Copy every record exactly as it stands. Leave the pictures out.

*** Opening Records for processing ***

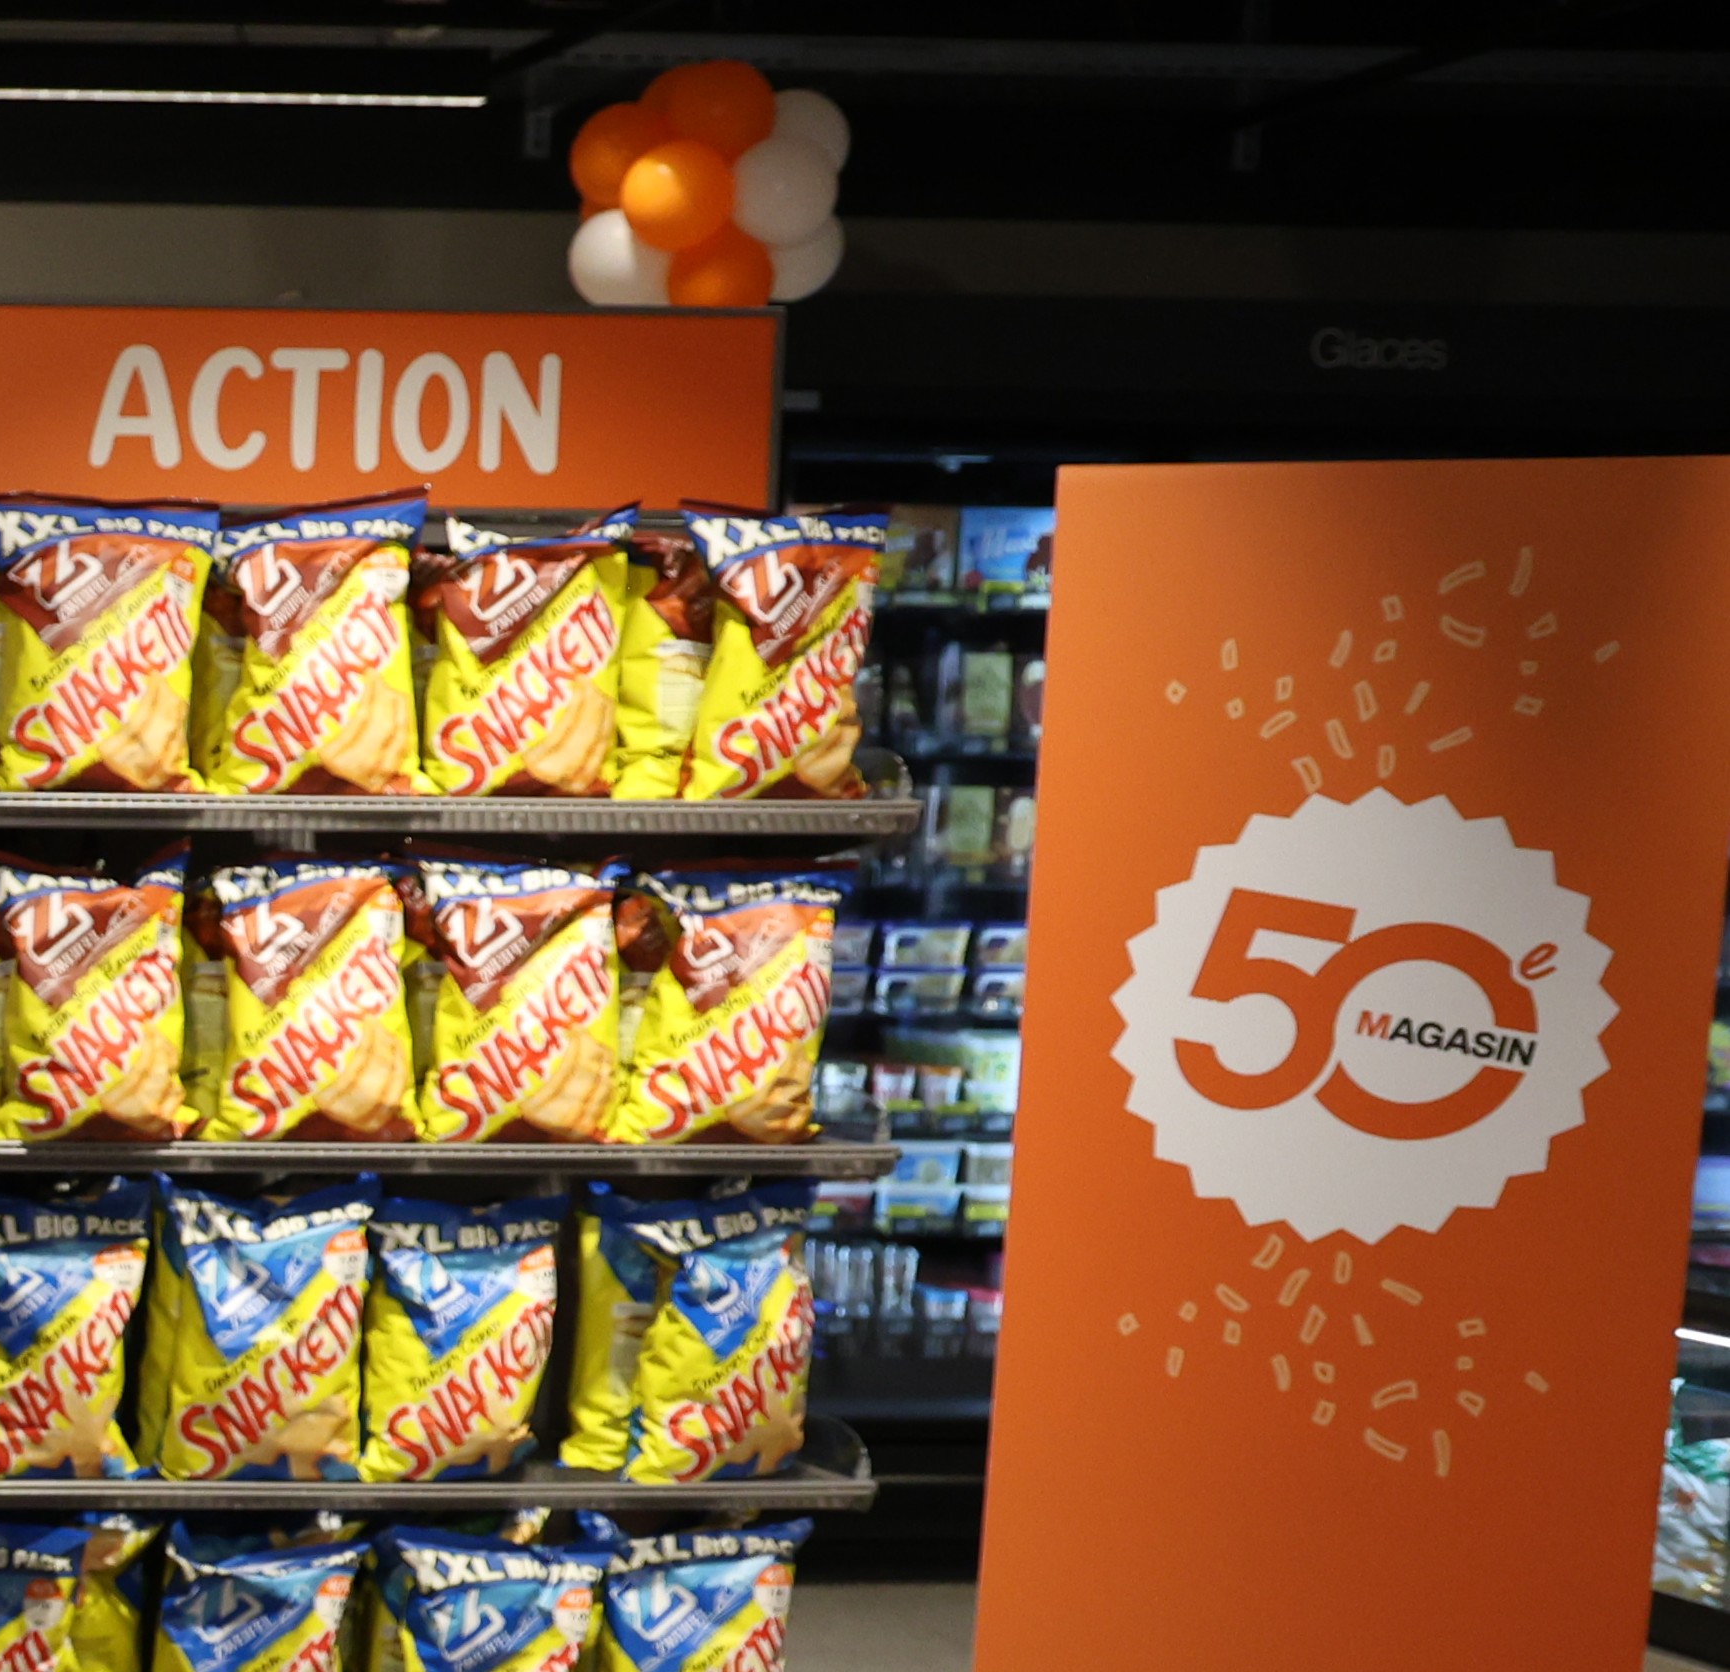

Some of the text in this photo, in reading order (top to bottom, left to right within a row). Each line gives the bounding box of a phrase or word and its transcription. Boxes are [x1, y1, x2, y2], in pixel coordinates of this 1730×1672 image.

[1310, 327, 1447, 370] Glaces
[88, 344, 562, 474] ACTION
[95, 516, 142, 536] BIG
[147, 519, 216, 548] PACK
[298, 517, 347, 539] BIG
[687, 512, 800, 570] XXL
[799, 515, 833, 542] BIG
[14, 594, 195, 789] SNACKETTI
[521, 867, 571, 892] BIG
[726, 881, 775, 903] BIG
[1356, 1010, 1537, 1067] MAGASIN
[34, 1214, 81, 1240] BIG
[84, 1216, 146, 1237] PACK
[712, 1214, 758, 1240] BIG
[693, 1535, 741, 1557] BIG
[12, 1549, 73, 1573] PACK
[402, 1549, 505, 1592] XXL

*** Closing Records for processing ***

◆ Expected output
Some of the text in this photo, in reading order (top to bottom, left to right within a row). Each line gives the bounding box of a phrase or word and its transcription. Boxes are [x1, y1, x2, y2], in pixel coordinates of this 1730×1672 image.

[1310, 327, 1447, 370] Glaces
[88, 344, 562, 474] ACTION
[95, 516, 142, 536] BIG
[147, 519, 216, 548] PACK
[298, 517, 347, 539] BIG
[687, 512, 800, 570] XXL
[799, 515, 833, 542] BIG
[14, 594, 195, 789] SNACKETTI
[521, 867, 571, 892] BIG
[726, 881, 775, 903] BIG
[1356, 1010, 1537, 1067] MAGASIN
[34, 1214, 81, 1240] BIG
[84, 1216, 146, 1237] PACK
[712, 1214, 758, 1240] BIG
[693, 1535, 741, 1557] BIG
[12, 1549, 73, 1573] PACK
[402, 1549, 505, 1592] XXL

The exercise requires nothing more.